The taxes on the Seaquest, just one of the DeVos family’s ten yachts, would bring more than $2 million a year to Michigan.
MICHIGAN — Health professionals in schools are more needed than ever during the pandemic. But Michigan school nurses each serve an average of well over 6,000 students.
Schools have been critically underfunded for decades, explained East China School District teacher Kimberly Eberhard. And that underfunding has had consequences in preparing for the pandemic.
“Education has been neglected for decades and now everyone will discover how bad it has been,” said Eberhard.
And school nurses are one of those underfunded areas. That has something to do with the priorities of America’s chief education official.
Education Secretary Betsy DeVos has used her position to promote privatization of schools, and in particular charter schools, with taxpayer dollars. As The ‘Gander has reported, money intended for public schools’ coronavirus relief was funneled into private schools by DeVos.
A new report by watchdog group Checks and Balances shows DeVos hasn’t paid as much of that tax money as she should’ve, despite directing it away from public schools.
The fact that DeVos’ yacht, Seaquest, flies a Cayman Islands flag to avoid Michigan taxes isn’t a recent revelation. Newsweek reported on it in 2018. But Checks and Balances calculated the amount of money that DeVos has dodged, and compared it to a critical piece of education in 2020 — school nurses.
By registering their $40 million yacht in the Cayman islands, the DeVos family evades more than $2 million in Michigan taxes annually, Checks and Balances found. That would cover the annual salaries of 40 school nurses, which at the current nurse-to-student ratio would mean medical professionals available for hundreds of thousands of Michigan children.
“Whether the DeVos’s alleged $2.4M tax avoidance for the Seaquest is legal or not, it appears to be squarely in the middle of an ethical red zone,” said Scott Peterson, executive director of Checks and Balances. “It seems pretty tough to justify a billionaire secretary of education hurting school kids through her family’s alleged tax avoidance.”

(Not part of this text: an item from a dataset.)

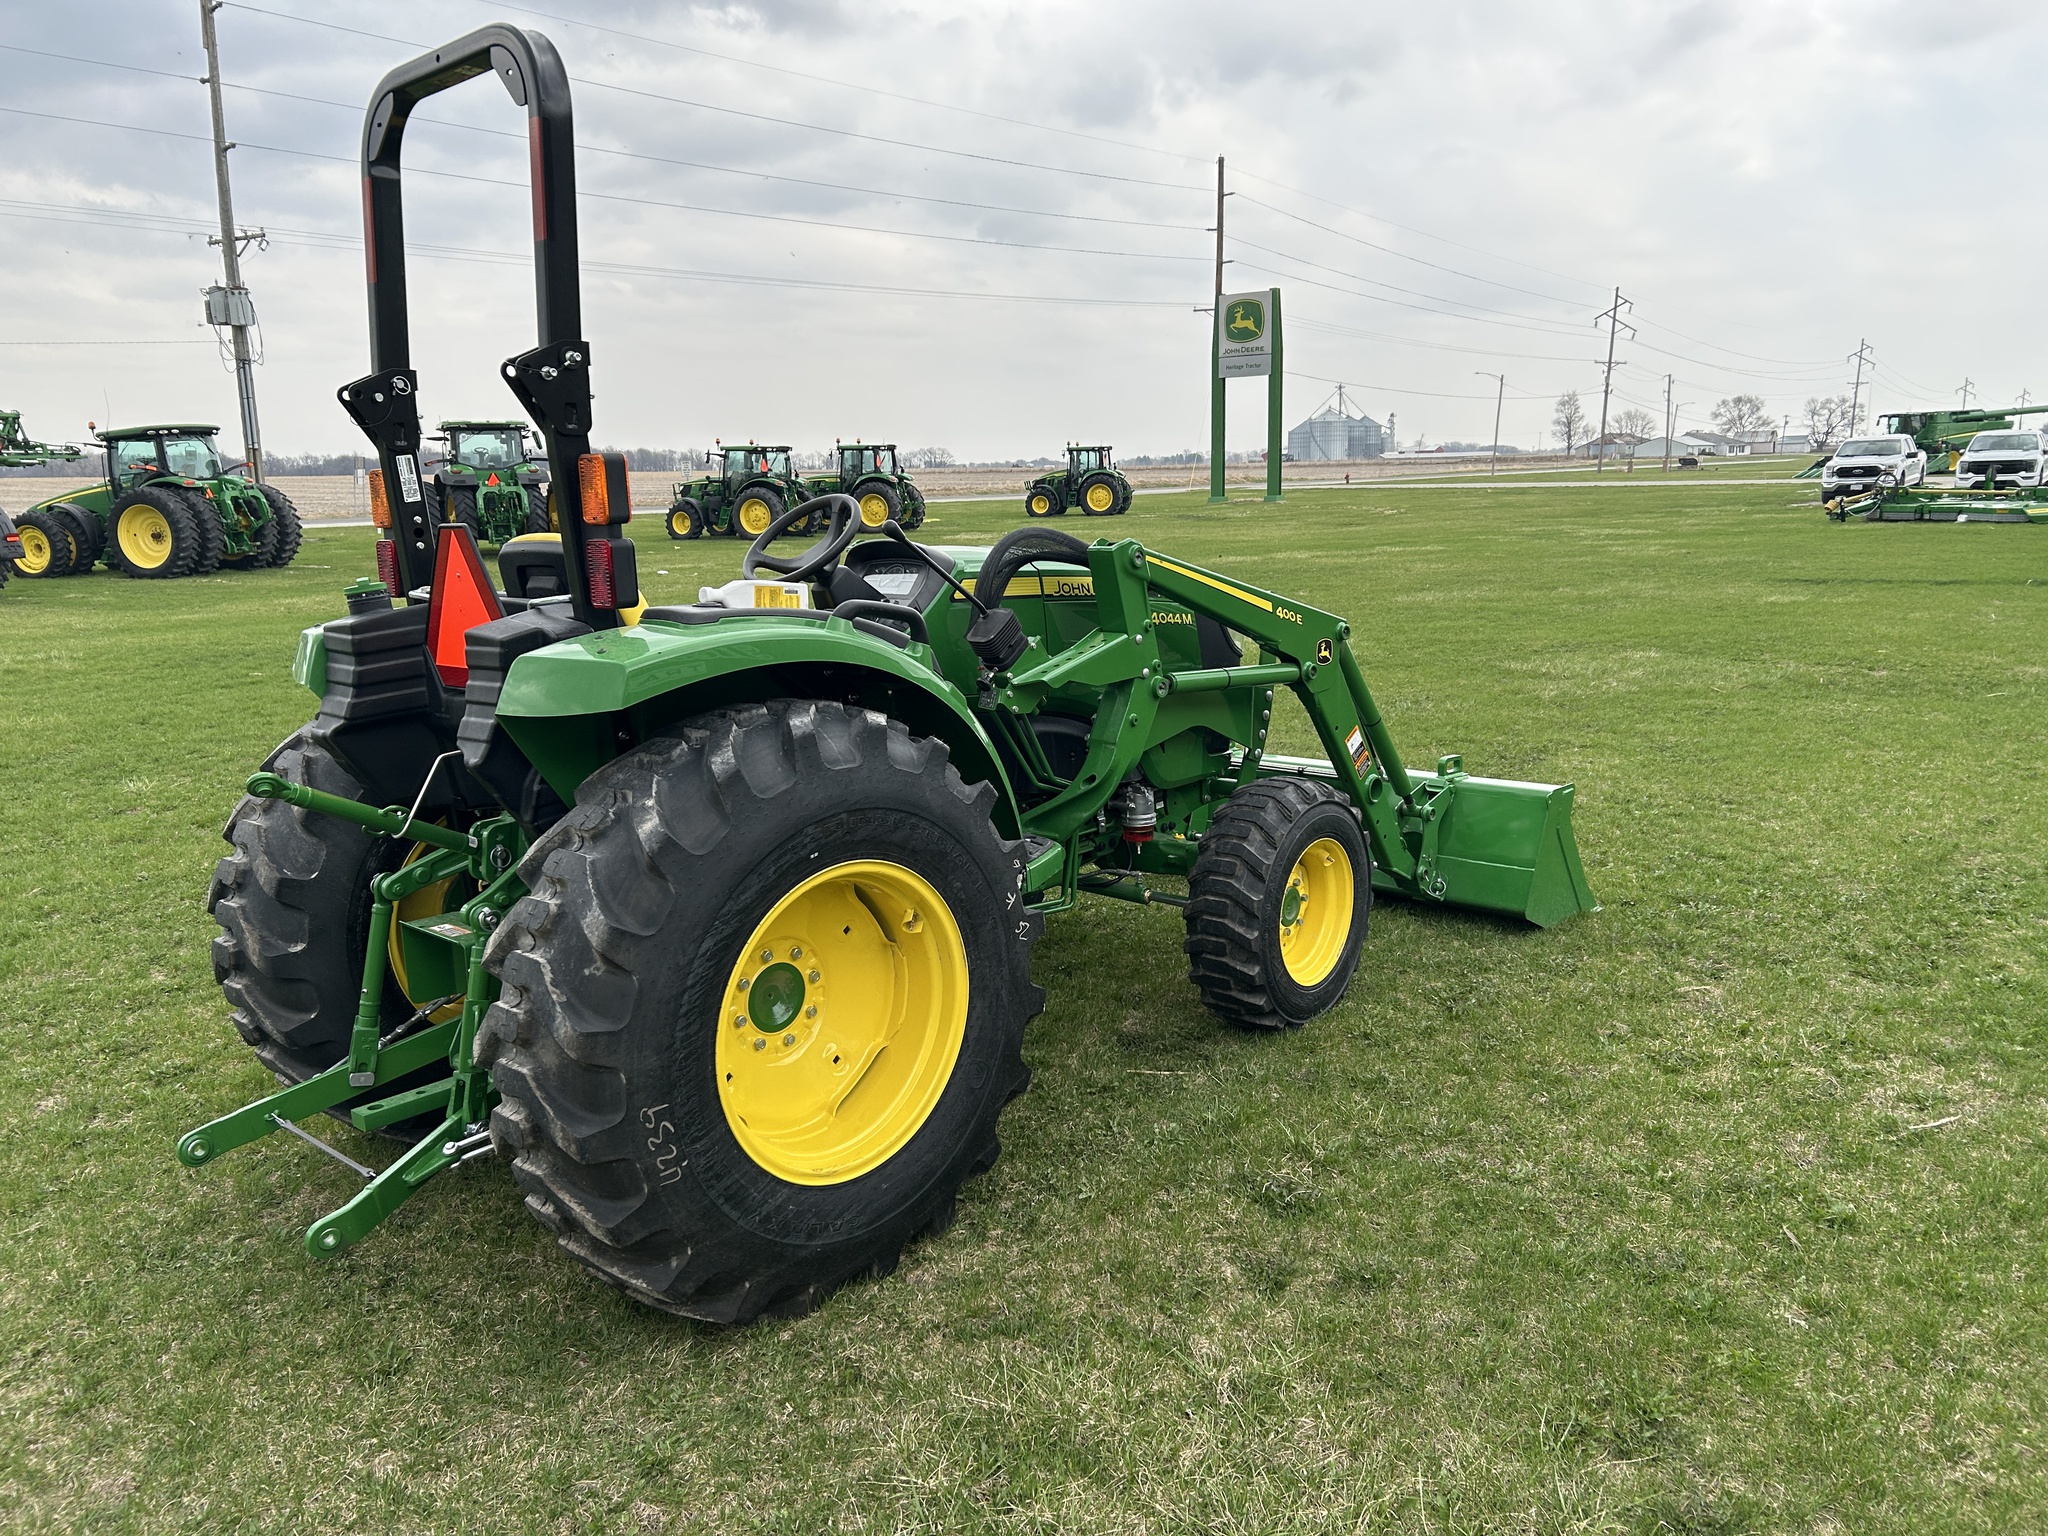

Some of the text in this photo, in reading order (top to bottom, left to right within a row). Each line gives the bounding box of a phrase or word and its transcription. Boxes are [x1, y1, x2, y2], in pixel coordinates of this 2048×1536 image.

[1054, 580, 1091, 595] JOHN
[1151, 612, 1193, 625] 4044M
[640, 1104, 688, 1187] 4239

Nationally, fewer than 40% of schools have a nurse, reports the New York Times. And school nurses are essential to resuming in-person instruction. The American Academy of Pediatrics found that to be insufficient even before the pandemic, saying every single school should have a nurse. Now, with their role even more important, that lack of nurses is a risk to students.
“I’ll have to go to these schools and assess every sniffle and sneeze that could potentially be a positive case,” Janna Benzel told the Times. “I just don’t know if I can do it alone.”
Benzel is a nurse in Washington State, where she serves less than a third of the students an average Michigan nurse does.
Despite this reality, DeVos wanted all schools, nationwide, to resume full in-person instruction this fall, without that critical health professional on staff in most of America’s schools and with the few school nurses that exist being overburdened.